Гиларий. Как могло быть иначе — в прославленном храме, в Аугсбурге, во время сейма[621], на который император Карл созвал столько монархов со всей Германии, из Италии, из Испании, из Англии? Даже ученые пришли в немалом числе, особенно те, что состоят при разных дворах.
Левин. Едва ли этот хряк мог произнести хоть что-нибудь достойное такого собрания.
Гиларий. Зато произнес многое, что было достойно его самого.
Левин. Что же? Расскажи, наконец! Но сперва, пожалуйста, открой мне его имя.
Гиларий. Это ни к чему.
Левин. Отчего, Гиларий?
Гиларий. Мне неприятно делать одолжение таким скотам.
Левин. Как? Выставлять на позор — это значит одалживать?
Гиларий. Они почитают за величайшее благодеяние, если их выводят из безвестности каким бы то ни было способом.
Левин. Но все-таки назови мне имя. Я буду молчать.
Гиларий. Его зовут Дермардом[622].
Левин. Прекрасно его знаю! Это ведь он, Дермард, недавно в каком-то застолье обозвал нашего Эразма «диаволом»?
Гиларий. Он самый. Тогдашние его слова, правда, не сошли ему безнаказанно, но все же люди учтивые и доброжелательные приписывали их хмелю, опьянению.
Левин. А как он оправдывался в ответ на все укоры?
Гиларий. В сердцах, дескать, сказал.
Левин. «В сердцах»? Ведь у него ни сердца нет, ни души!
Гиларий. Но когда Дермард излил свое гнойное дермо всенародно, да еще в таком месте, да еще перед такими слушателями, при таком блестящем стечении монархов, наконец — это уже показалось непереносимым и мне, и всем образованным людям!

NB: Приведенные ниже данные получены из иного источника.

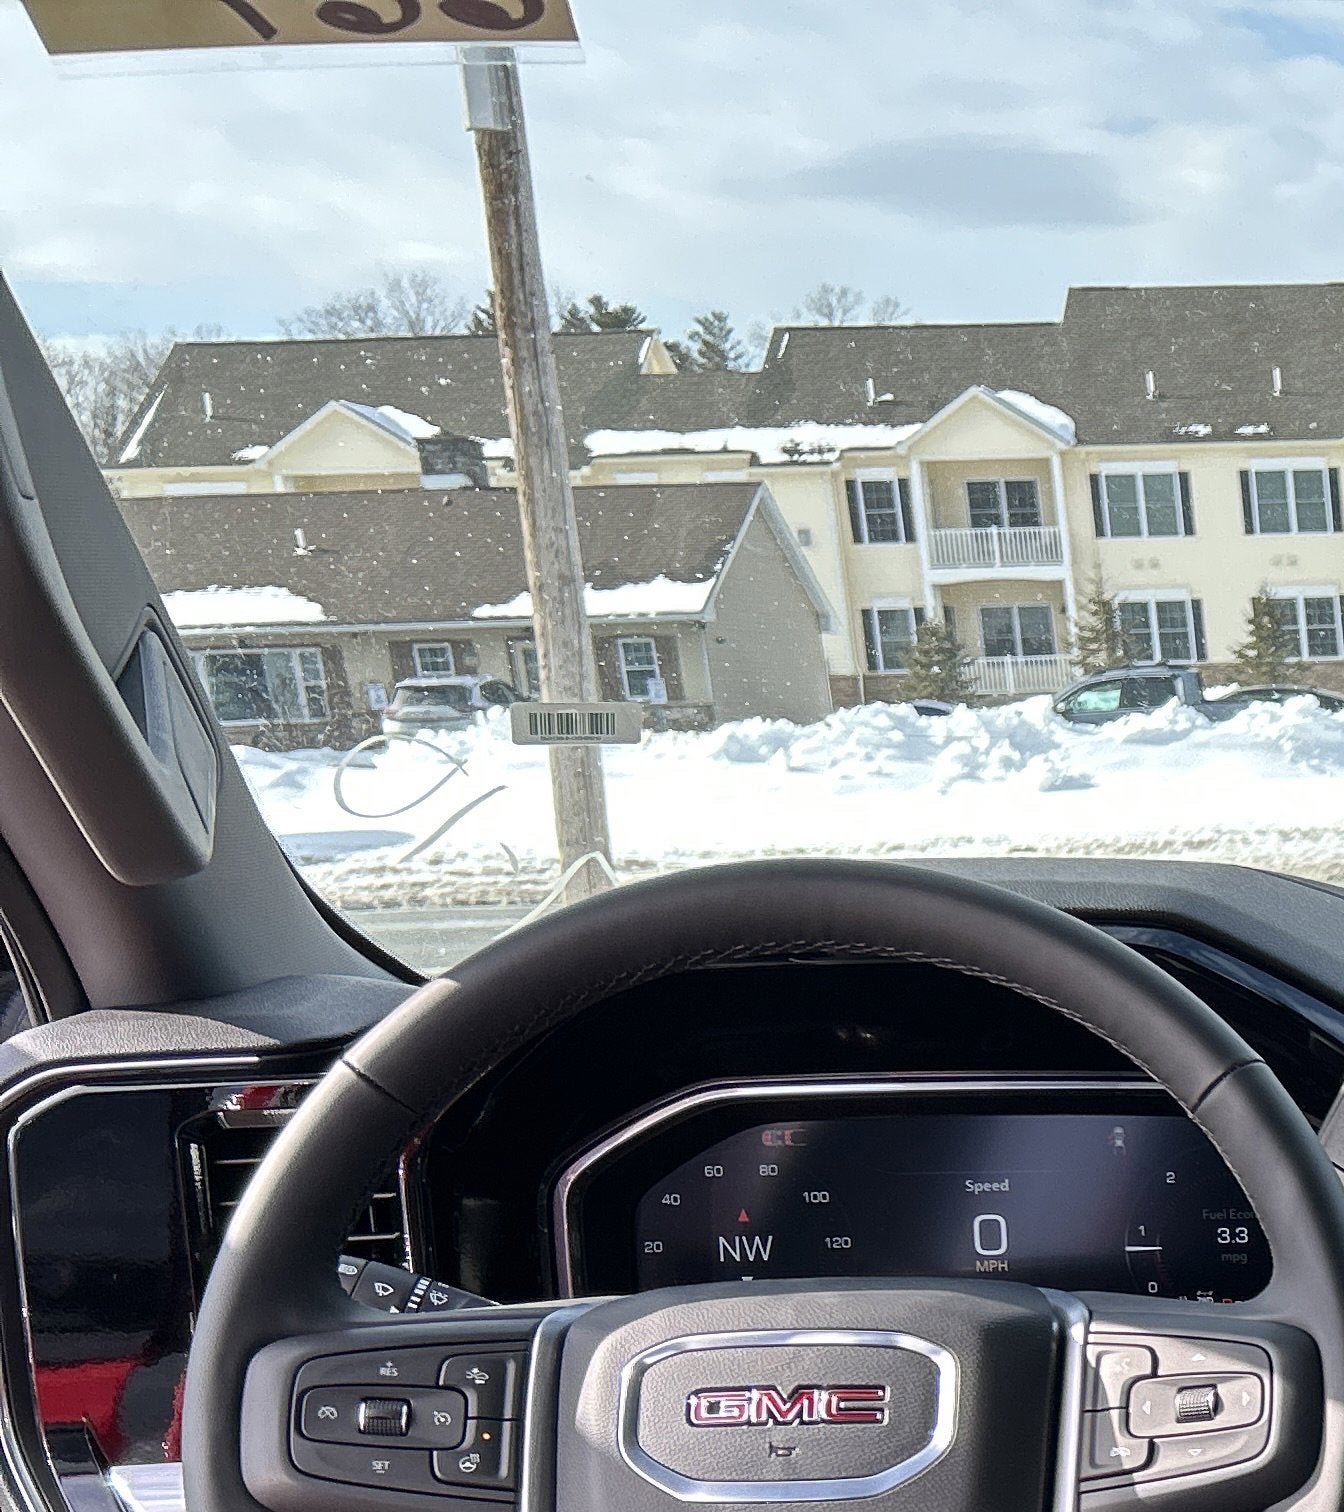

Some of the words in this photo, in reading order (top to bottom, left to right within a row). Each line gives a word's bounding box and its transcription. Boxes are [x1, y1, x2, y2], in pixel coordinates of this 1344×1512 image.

Левин. Рассказывай! Не томи!
Гиларий. Он долго, до крайности тупо и до крайности злобно нападал на нашего Эразма. «Появился в последнее время, — так он орал, — какой-то новый доктор Эразм. Виноват, оговорился: не Эразм, а осел!» И тут же объяснил народу, как «осел» по-немецки. Левин. Очень забавно!
613
Крылаты (греч.).
614
Типография Фробенов была одним из главных центров новой гуманистической учености к северу от Альп.
615
«Серафическим орденом» назывались францисканцы; доминиканцы носили звание «херувической братии».
616
Hilaros по-гречески — «радостный».
617
Песнь Богородицы — слова, которыми Мария, беременная Иисусом, отвечала на приветствие Елисаветы, матери Иоанна Крестителя. Этот евангельский текст («Евангелие от Луки», I, 46—56) чрезвычайно часто употребляется в богослужении.
618
См. прим. к «Нищим богачам», к словам: Ты, видимо, подозреваешь, что мы из тех, которые изменили… — «Радующимися» (гаудентами) назывались умеренные францисканцы (по-иному — конвентуалы), которые с 1517 г. составляли особый францисканский орден, отличный от францисканцев-обсервантов.
619
Проскений — так в античном театре называлась игровая площадка, на которой выступали актеры
620
Речь идет о младшем брате императора Карла V, в ту пору — короле Богемском и Венгерском.
621
Аугсбургский имперский сейм был созван летом 1530 г. с целью положить конец раздорам, вызванным Реформацией.
622
Настоящее имя этого францисканца было Медард; насмешник Эразм переделал его в Merdardus, чему полностью соответствует русское Дермард.